© Andrea Canter
When you look at Critics Polls for jazz piano, two names that consistently rise to the top these days are Craig Taborn and Vijay Iyer. The two have a lot in common—around the same age; known for their inventive, on-the-spot improvisations in solo and ensemble contexts; leaders of acclaimed groups and recording projects; and favorites among cutting-edge musicians. And among their projects is their own duo, yet to be recorded, but cross your fingers.
In the past week or so, Iyer and Taborn have each received word of a prestigious (and well deserverd) award.
Vijay Iyer, Doris Duke Performing Artist Award
Vijay Iyer is among five jazz artists named as the first group of Doris Duke Charitable Foundation (DDCF) Artists. Iyer joins Don Byron, Bill Frisell, John Hollenbeck and Nicole Mitchell among a total of 21 performing artists (contemporary dance, jazz, theatre, and multidisciplinary work) in a first class of three to be named annually to receive unrestricted, multi-year grants totaling $225,000 each, along with up to $50,000 for retirement funding and audience development. Creative Capital, DDCF’s primary partner in the Doris Duke Performing Artist Awards, will provide awardees with professional development activities, financial and legal counseling, and grantee gatherings to help maximize the awards.

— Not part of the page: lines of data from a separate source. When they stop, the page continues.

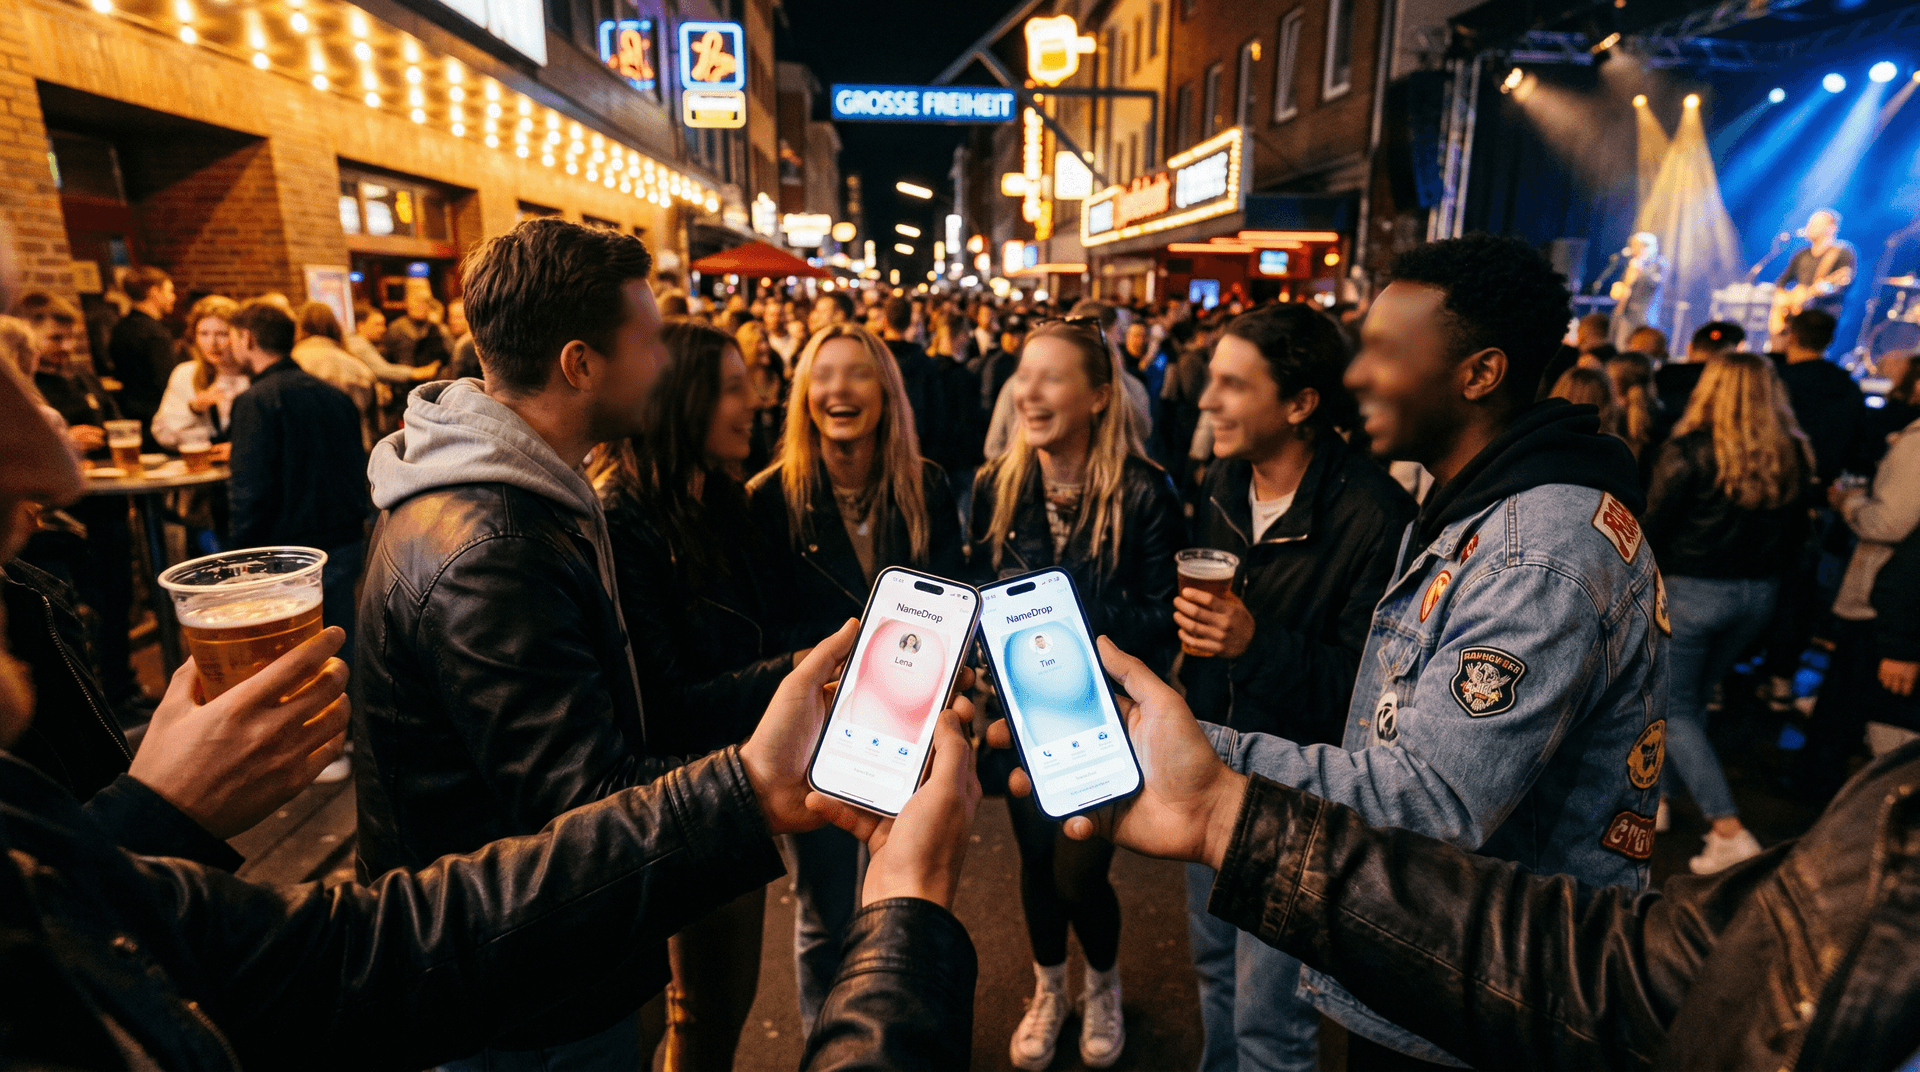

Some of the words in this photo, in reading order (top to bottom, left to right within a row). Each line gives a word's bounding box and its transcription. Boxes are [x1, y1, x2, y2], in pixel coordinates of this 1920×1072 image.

[835, 89, 920, 116] GROSSE
[922, 91, 1014, 118] FREIHEIT
[896, 602, 943, 624] NameDrop
[1006, 605, 1053, 624] NameDrop
[894, 656, 913, 668] Lena
[1040, 658, 1056, 668] Tim

Over the next decade, DDCF will offer at least 200 artists the greatly expanded freedom to create, through an initiative that makes available the largest allocation of unrestricted cash grants ever given to individuals in contemporary dance, jazz, theatre, and related fields. Provided to honorees through a rigorous, anonymous process of peer review—no applications are accepted—the grants are not tied to any specific project but are presented as investments in the artists’ personal and professional development and future work. “To qualify for consideration by the review panels, all of the Doris Duke Artists must have won grants, prizes or awards on a national level for at least three different projects over the past ten years, with at least one project having received support from a DDCF-funded program. The first class of artists were chosen based on demonstrated evidence of exceptional creativity, ongoing self-challenge and the continuing potential to make significant contributions to their fields in the future.”

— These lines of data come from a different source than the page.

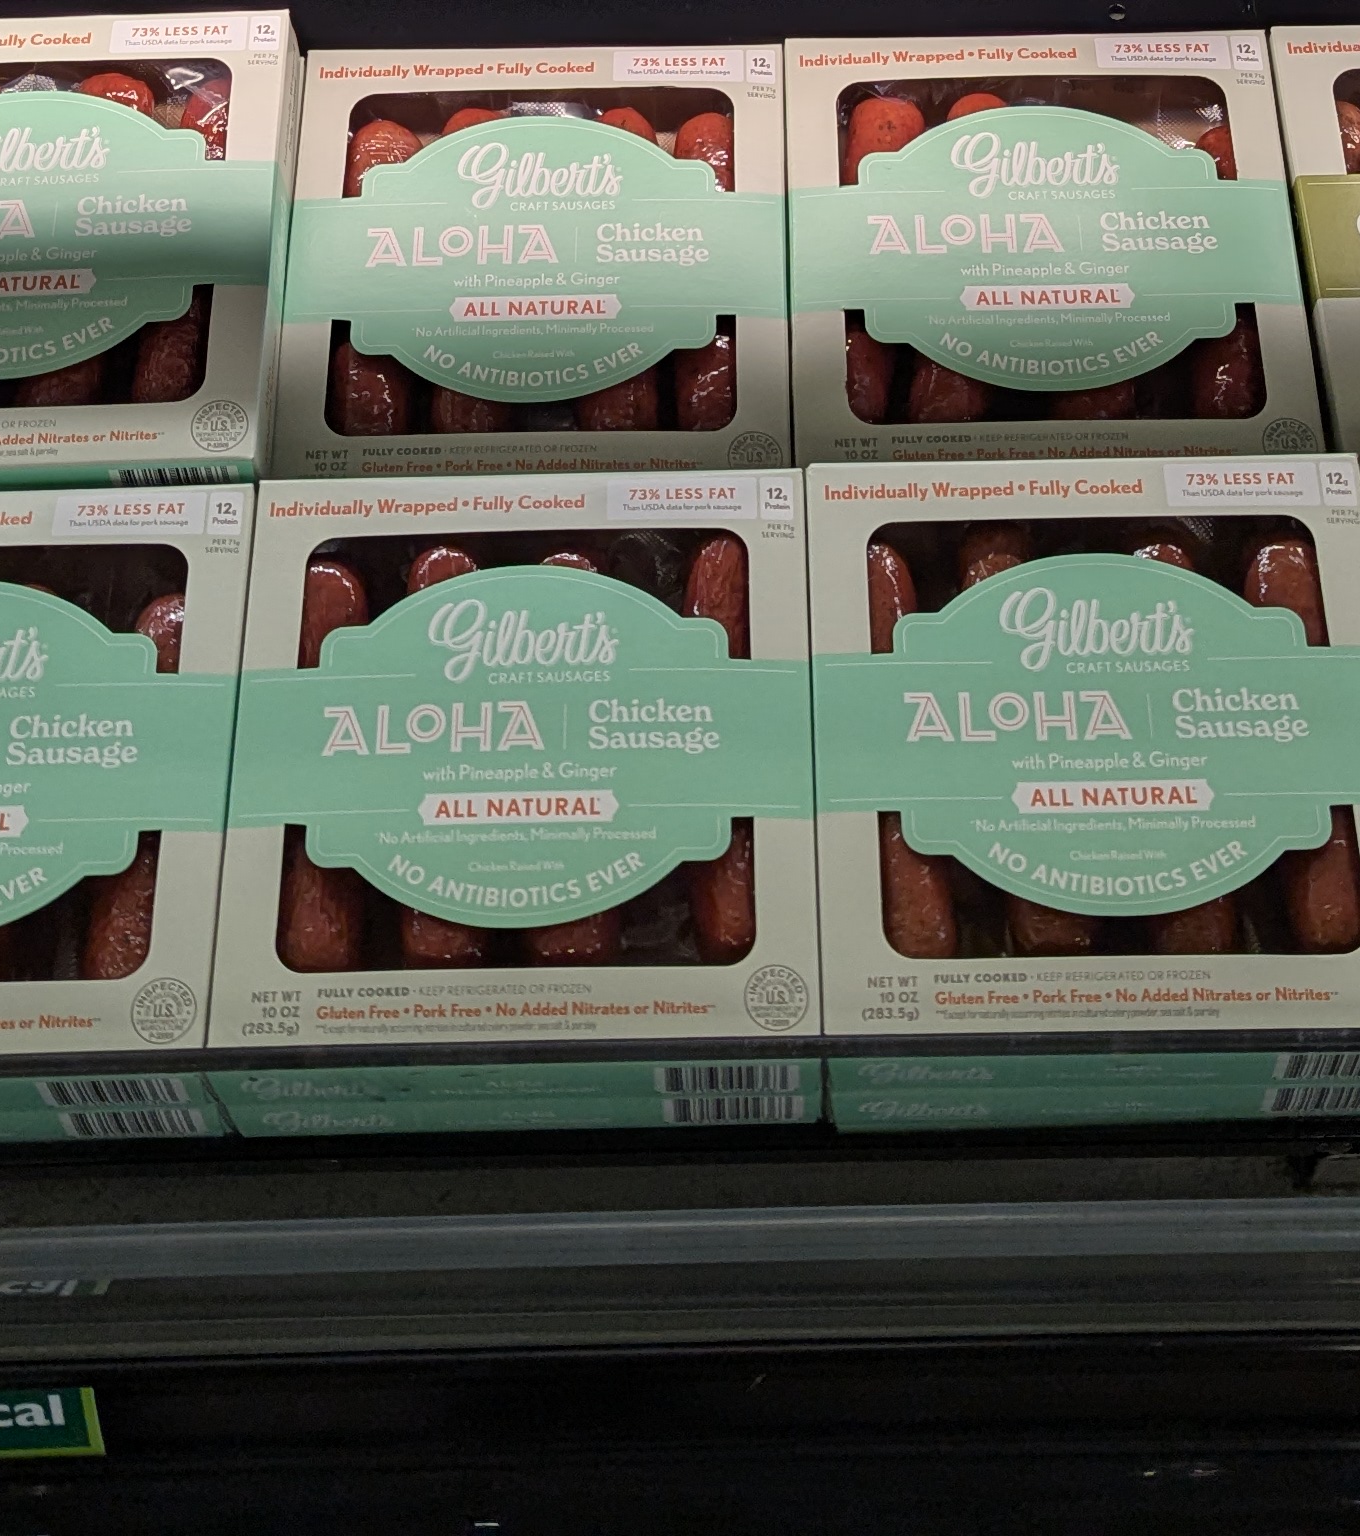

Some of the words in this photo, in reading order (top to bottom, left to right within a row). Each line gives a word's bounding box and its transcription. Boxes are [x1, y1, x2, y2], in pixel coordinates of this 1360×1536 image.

[31, 32, 91, 47] Cooked
[130, 26, 159, 37] 73%
[164, 25, 199, 36] LESS
[203, 25, 228, 35] FAT
[458, 143, 622, 209] Gilbert's
[951, 132, 1120, 198] Gilbert's
[365, 224, 558, 267] ALOHA
[867, 213, 1064, 255] ALOHA
[429, 599, 617, 682] Gilbert's
[1000, 587, 1193, 672] Gilbert's
[321, 700, 544, 756] ALOHA
[904, 690, 1131, 742] ALOHA

Recently named director of the Banff International Workshop in Jazz and Creative Music and recipient of the $30,000 Greenfield Prize by the Hermitage Artist Retreat and the Greenfield Foundation, Vijay Iyer has accumulated a number of prestigious awards and commissions during his career. He was recently in the spotlight at the Walker Art Center during a mini-festival of his music (“The Sound of Surprise”), presenting, over two nights, compositions and arrangements in various solo, duo and trio contexts.
Craig Taborn, Paul Acket Award
Every year, the North Sea Jazz Festival presents its Paul Acket Award to “an artist deserving wider recognition for their extraordinary musicianship.” Minnesota native Craig Taborn, long a “talent deserving wider recognition,” will receive the Acket Award at the 2012 festival. Some comments from the awards jurors sum it up well:
Ken Pickering (Vancouver International Jazz Festival) explains that “Craig Taborn is unquestionably one of the most important pianists of his generation. In great demand, Taborn improves every band he plays in, whether he's on piano or keyboards. He is a complete musician and a great talent.” Frank van Berkel (Jazz International Rotterdam) adds, “With his music, Taborn creates a link from jazz to contemporary music. Naturally, there have been more artists doing this, but Taborn finds a way of shining in adventurous traditionalism together with James Carter, but also in full concert halls and released on the label ECM.” And Jean Jacques Goron, Vice President of the Foundation BNP Paribas which supports the award, notes that “Besides being a piano, organ, and Moog synthesizer player, primarily in jazz, Craig Taborn is also a great composer and talented improviser. His last album, Avenging Angel, released in 2011, is a distinguished contribution to the great solo piano tradition and shows a very personal approach to his instrument. We wish him all the best.”
The Paul Acket Award recognizes artists already known within the jazz scene, but not yet recognized by a wider audience. In addition to a trophy, the Paul Acket Award winners also receive a cheque of 5000 euro to help further their careers. Past winners include Arve Hendriksen (2011), Christian Scott (2010), Stefano Bollani (2009), Adam Rogers (2008), Gianluca Petrella (2007), Conrad Herwig (2006), and Ben Allison (2005). The award will be presented at this year’s North Sea Jazz Festival on July 7, when Taborn will perform with PRISM, featuring Dave Holland, Kevin Eubanks and Eric Harland.